■ **TASK REQUIREMENTS**
Every picture should be left out, but the lines below must be repeated exactly.

•••••

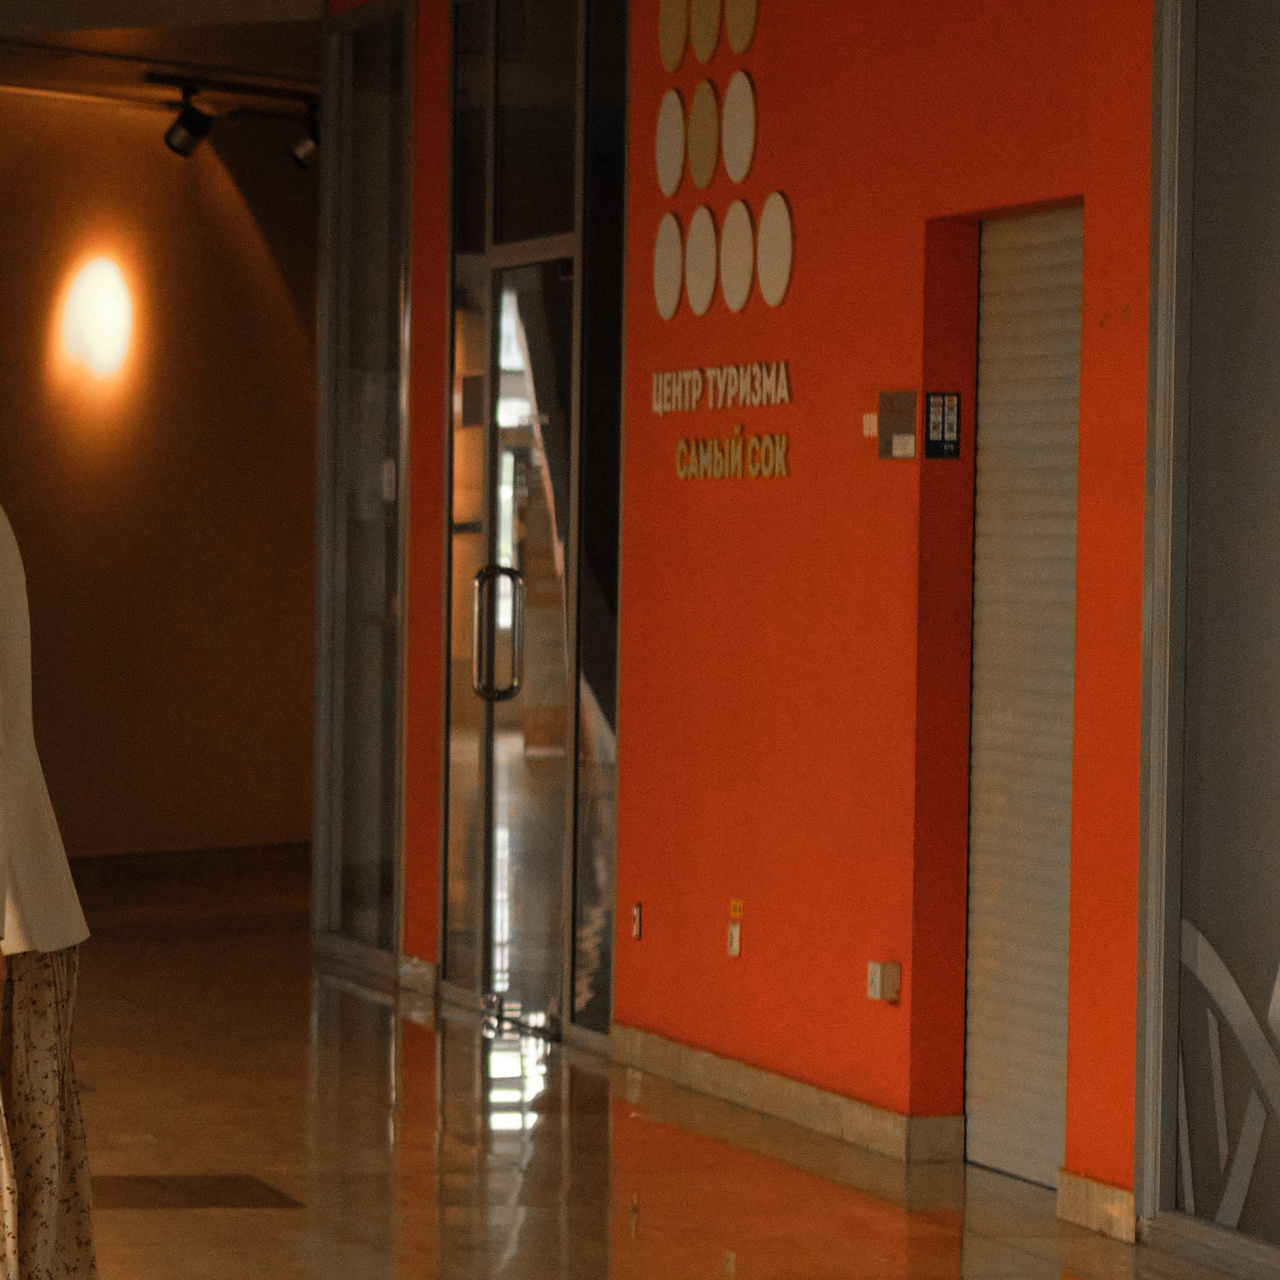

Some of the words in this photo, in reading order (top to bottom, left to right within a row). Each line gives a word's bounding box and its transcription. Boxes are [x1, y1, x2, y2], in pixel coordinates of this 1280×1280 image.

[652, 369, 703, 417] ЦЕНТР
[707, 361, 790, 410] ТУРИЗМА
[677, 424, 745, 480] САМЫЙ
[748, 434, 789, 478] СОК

•••••

■ **REPLY TO THE TASK**
Some of the words in this photo, in reading order (top to bottom, left to right within a row). Each line gives a word's bounding box and its transcription. Boxes are [x1, y1, x2, y2], in pixel coordinates of this 1280×1280 image.

[652, 369, 703, 417] ЦЕНТР
[707, 361, 790, 410] ТУРИЗМА
[677, 424, 745, 480] САМЫЙ
[748, 434, 789, 478] СОК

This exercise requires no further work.